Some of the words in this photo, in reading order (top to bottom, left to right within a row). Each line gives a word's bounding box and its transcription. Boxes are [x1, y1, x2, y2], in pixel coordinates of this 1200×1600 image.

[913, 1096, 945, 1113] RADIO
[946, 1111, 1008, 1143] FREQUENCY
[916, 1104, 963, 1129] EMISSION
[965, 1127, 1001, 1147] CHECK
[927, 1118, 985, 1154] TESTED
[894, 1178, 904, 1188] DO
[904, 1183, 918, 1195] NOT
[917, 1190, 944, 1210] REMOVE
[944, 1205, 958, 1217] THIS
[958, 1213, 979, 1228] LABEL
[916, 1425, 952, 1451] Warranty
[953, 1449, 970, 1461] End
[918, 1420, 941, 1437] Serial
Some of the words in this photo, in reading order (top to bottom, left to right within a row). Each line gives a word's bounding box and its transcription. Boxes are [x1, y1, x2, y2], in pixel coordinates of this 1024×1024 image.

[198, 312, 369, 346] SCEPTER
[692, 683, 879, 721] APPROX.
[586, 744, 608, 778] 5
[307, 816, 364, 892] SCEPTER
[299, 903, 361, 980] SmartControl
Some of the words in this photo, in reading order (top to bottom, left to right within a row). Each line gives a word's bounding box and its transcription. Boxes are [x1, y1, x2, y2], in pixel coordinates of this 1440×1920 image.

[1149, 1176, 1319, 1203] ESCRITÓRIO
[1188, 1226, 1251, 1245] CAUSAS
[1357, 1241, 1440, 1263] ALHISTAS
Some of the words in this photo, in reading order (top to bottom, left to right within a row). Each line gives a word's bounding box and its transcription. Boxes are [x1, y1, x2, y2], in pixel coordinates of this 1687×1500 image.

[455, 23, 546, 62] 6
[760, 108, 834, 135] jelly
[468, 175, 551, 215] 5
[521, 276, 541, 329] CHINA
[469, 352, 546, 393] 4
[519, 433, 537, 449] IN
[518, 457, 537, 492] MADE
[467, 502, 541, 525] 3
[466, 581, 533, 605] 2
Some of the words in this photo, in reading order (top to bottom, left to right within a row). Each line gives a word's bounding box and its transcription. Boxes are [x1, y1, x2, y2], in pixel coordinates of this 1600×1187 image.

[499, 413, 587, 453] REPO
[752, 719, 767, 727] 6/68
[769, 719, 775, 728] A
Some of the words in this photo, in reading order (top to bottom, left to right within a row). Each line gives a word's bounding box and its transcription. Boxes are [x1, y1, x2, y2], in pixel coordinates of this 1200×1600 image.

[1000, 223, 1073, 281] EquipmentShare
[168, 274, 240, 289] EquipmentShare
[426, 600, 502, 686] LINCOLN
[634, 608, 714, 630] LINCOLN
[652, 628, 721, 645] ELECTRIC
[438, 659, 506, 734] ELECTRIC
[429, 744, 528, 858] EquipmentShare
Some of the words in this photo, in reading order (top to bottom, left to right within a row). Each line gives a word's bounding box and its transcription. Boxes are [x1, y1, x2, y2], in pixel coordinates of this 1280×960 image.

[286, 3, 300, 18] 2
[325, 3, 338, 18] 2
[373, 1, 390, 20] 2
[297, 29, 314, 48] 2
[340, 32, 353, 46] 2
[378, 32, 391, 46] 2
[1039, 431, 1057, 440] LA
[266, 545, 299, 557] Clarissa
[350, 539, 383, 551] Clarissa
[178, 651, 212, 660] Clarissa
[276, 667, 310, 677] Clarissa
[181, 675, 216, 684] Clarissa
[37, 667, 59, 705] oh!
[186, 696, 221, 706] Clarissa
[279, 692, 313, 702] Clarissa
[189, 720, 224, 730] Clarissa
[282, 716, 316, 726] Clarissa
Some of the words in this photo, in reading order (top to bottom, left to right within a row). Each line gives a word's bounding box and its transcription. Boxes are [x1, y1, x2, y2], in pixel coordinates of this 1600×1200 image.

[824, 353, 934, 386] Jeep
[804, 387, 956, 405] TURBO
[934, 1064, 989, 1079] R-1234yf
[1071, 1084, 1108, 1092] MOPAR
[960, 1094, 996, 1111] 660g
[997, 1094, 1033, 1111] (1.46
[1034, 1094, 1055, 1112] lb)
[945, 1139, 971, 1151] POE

········

An exact copy of every entry above is the expected answer.

→ WORKED SOLUTION:
Some of the words in this photo, in reading order (top to bottom, left to right within a row). Each line gives a word's bounding box and its transcription. Boxes are [x1, y1, x2, y2], in pixel coordinates of this 1200×1600 image.

[913, 1096, 945, 1113] RADIO
[946, 1111, 1008, 1143] FREQUENCY
[916, 1104, 963, 1129] EMISSION
[965, 1127, 1001, 1147] CHECK
[927, 1118, 985, 1154] TESTED
[894, 1178, 904, 1188] DO
[904, 1183, 918, 1195] NOT
[917, 1190, 944, 1210] REMOVE
[944, 1205, 958, 1217] THIS
[958, 1213, 979, 1228] LABEL
[916, 1425, 952, 1451] Warranty
[953, 1449, 970, 1461] End
[918, 1420, 941, 1437] Serial
Some of the words in this photo, in reading order (top to bottom, left to right within a row). Each line gives a word's bounding box and its transcription. Boxes are [x1, y1, x2, y2], in pixel coordinates of this 1024×1024 image.

[198, 312, 369, 346] SCEPTER
[692, 683, 879, 721] APPROX.
[586, 744, 608, 778] 5
[307, 816, 364, 892] SCEPTER
[299, 903, 361, 980] SmartControl
Some of the words in this photo, in reading order (top to bottom, left to right within a row). Each line gives a word's bounding box and its transcription. Boxes are [x1, y1, x2, y2], in pixel coordinates of this 1440×1920 image.

[1149, 1176, 1319, 1203] ESCRITÓRIO
[1188, 1226, 1251, 1245] CAUSAS
[1357, 1241, 1440, 1263] ALHISTAS
Some of the words in this photo, in reading order (top to bottom, left to right within a row). Each line gives a word's bounding box and its transcription. Boxes are [x1, y1, x2, y2], in pixel coordinates of this 1687×1500 image.

[455, 23, 546, 62] 6
[760, 108, 834, 135] jelly
[468, 175, 551, 215] 5
[521, 276, 541, 329] CHINA
[469, 352, 546, 393] 4
[519, 433, 537, 449] IN
[518, 457, 537, 492] MADE
[467, 502, 541, 525] 3
[466, 581, 533, 605] 2
Some of the words in this photo, in reading order (top to bottom, left to right within a row). Each line gives a word's bounding box and its transcription. Boxes are [x1, y1, x2, y2], in pixel coordinates of this 1600×1187 image.

[499, 413, 587, 453] REPO
[752, 719, 767, 727] 6/68
[769, 719, 775, 728] A
Some of the words in this photo, in reading order (top to bottom, left to right within a row). Each line gives a word's bounding box and its transcription. Boxes are [x1, y1, x2, y2], in pixel coordinates of this 1200×1600 image.

[1000, 223, 1073, 281] EquipmentShare
[168, 274, 240, 289] EquipmentShare
[426, 600, 502, 686] LINCOLN
[634, 608, 714, 630] LINCOLN
[652, 628, 721, 645] ELECTRIC
[438, 659, 506, 734] ELECTRIC
[429, 744, 528, 858] EquipmentShare
Some of the words in this photo, in reading order (top to bottom, left to right within a row). Each line gives a word's bounding box and its transcription. Boxes are [x1, y1, x2, y2], in pixel coordinates of this 1280×960 image.

[286, 3, 300, 18] 2
[325, 3, 338, 18] 2
[373, 1, 390, 20] 2
[297, 29, 314, 48] 2
[340, 32, 353, 46] 2
[378, 32, 391, 46] 2
[1039, 431, 1057, 440] LA
[266, 545, 299, 557] Clarissa
[350, 539, 383, 551] Clarissa
[178, 651, 212, 660] Clarissa
[276, 667, 310, 677] Clarissa
[181, 675, 216, 684] Clarissa
[37, 667, 59, 705] oh!
[186, 696, 221, 706] Clarissa
[279, 692, 313, 702] Clarissa
[189, 720, 224, 730] Clarissa
[282, 716, 316, 726] Clarissa
Some of the words in this photo, in reading order (top to bottom, left to right within a row). Each line gives a word's bounding box and its transcription. Boxes are [x1, y1, x2, y2], in pixel coordinates of this 1600×1200 image.

[824, 353, 934, 386] Jeep
[804, 387, 956, 405] TURBO
[934, 1064, 989, 1079] R-1234yf
[1071, 1084, 1108, 1092] MOPAR
[960, 1094, 996, 1111] 660g
[997, 1094, 1033, 1111] (1.46
[1034, 1094, 1055, 1112] lb)
[945, 1139, 971, 1151] POE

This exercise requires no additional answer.